Task: Exact copies of all the lines below are needed, without the pictures.

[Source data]
---+---

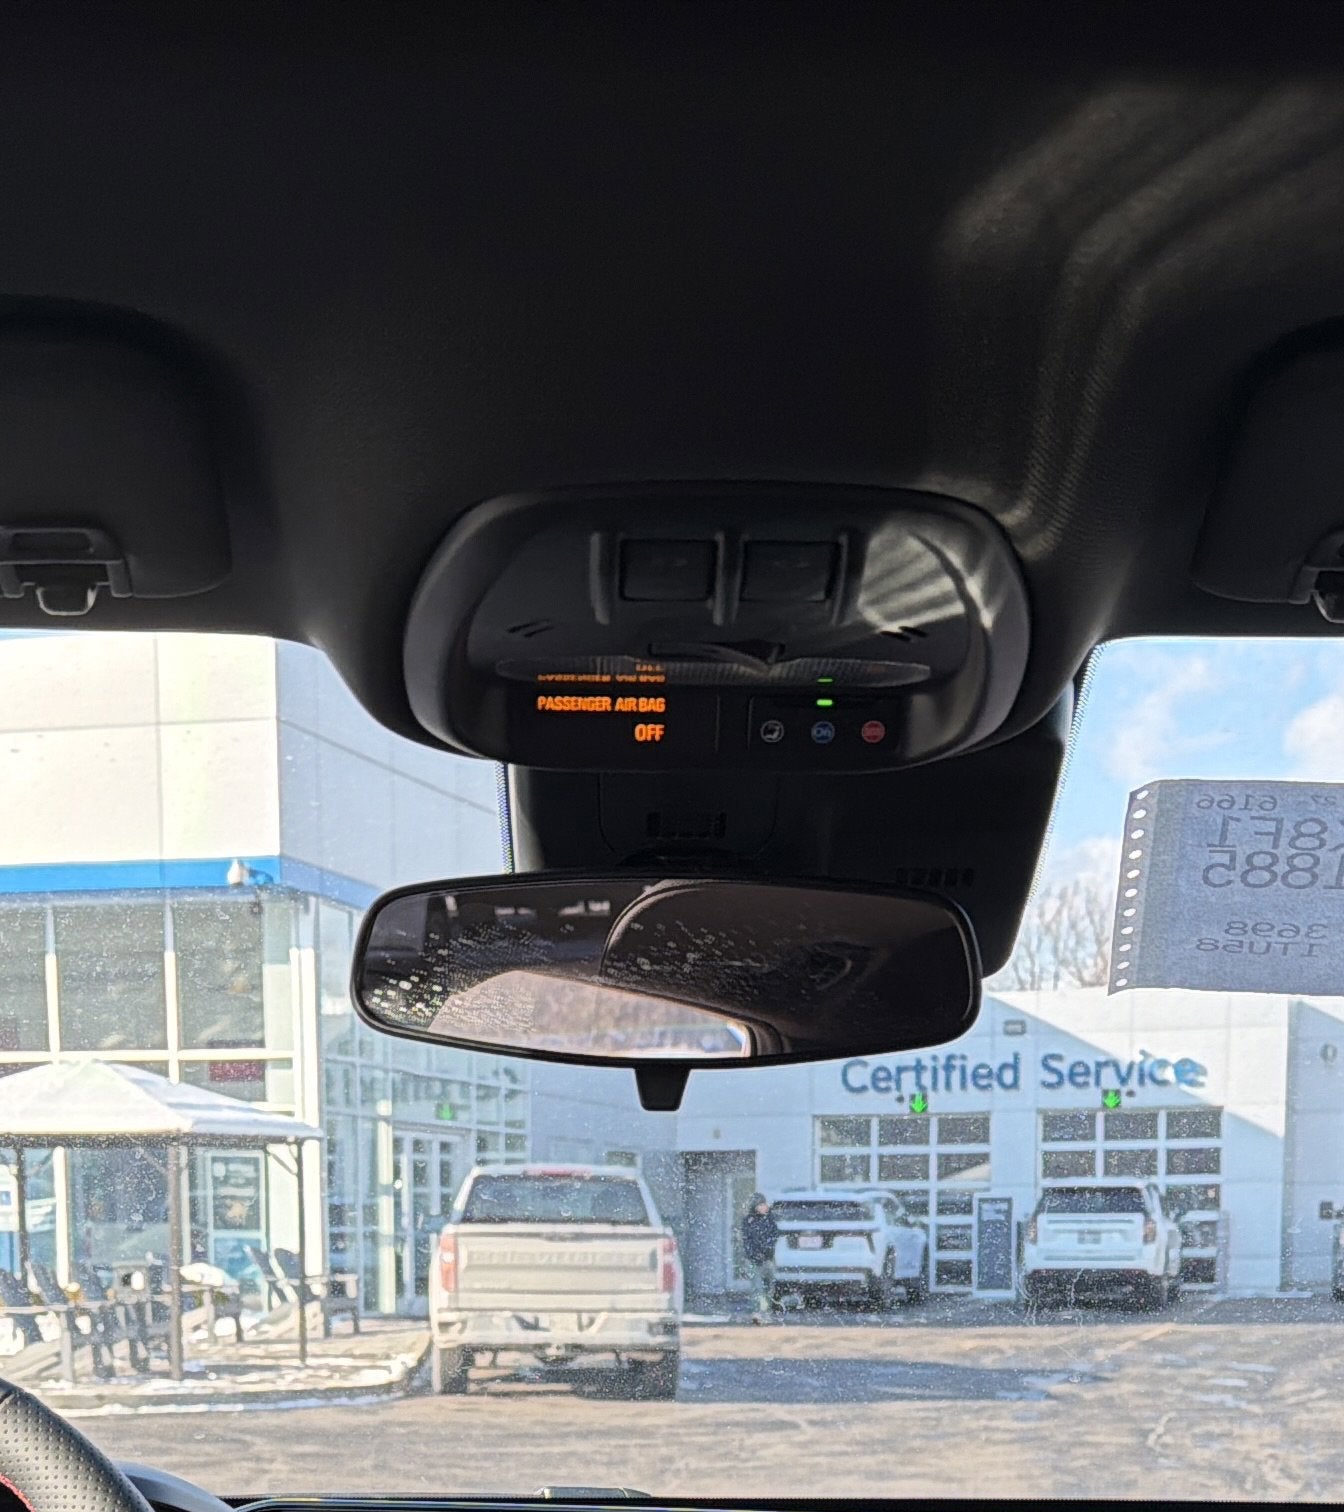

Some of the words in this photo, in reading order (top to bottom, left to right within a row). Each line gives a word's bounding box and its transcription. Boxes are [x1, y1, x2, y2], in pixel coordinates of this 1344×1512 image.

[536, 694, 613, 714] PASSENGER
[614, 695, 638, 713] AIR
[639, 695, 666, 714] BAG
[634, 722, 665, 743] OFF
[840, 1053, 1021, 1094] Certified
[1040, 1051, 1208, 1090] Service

---+---

Response to the exercise:
Some of the words in this photo, in reading order (top to bottom, left to right within a row). Each line gives a word's bounding box and its transcription. Boxes are [x1, y1, x2, y2], in pixel coordinates of this 1344×1512 image.

[536, 694, 613, 714] PASSENGER
[614, 695, 638, 713] AIR
[639, 695, 666, 714] BAG
[634, 722, 665, 743] OFF
[840, 1053, 1021, 1094] Certified
[1040, 1051, 1208, 1090] Service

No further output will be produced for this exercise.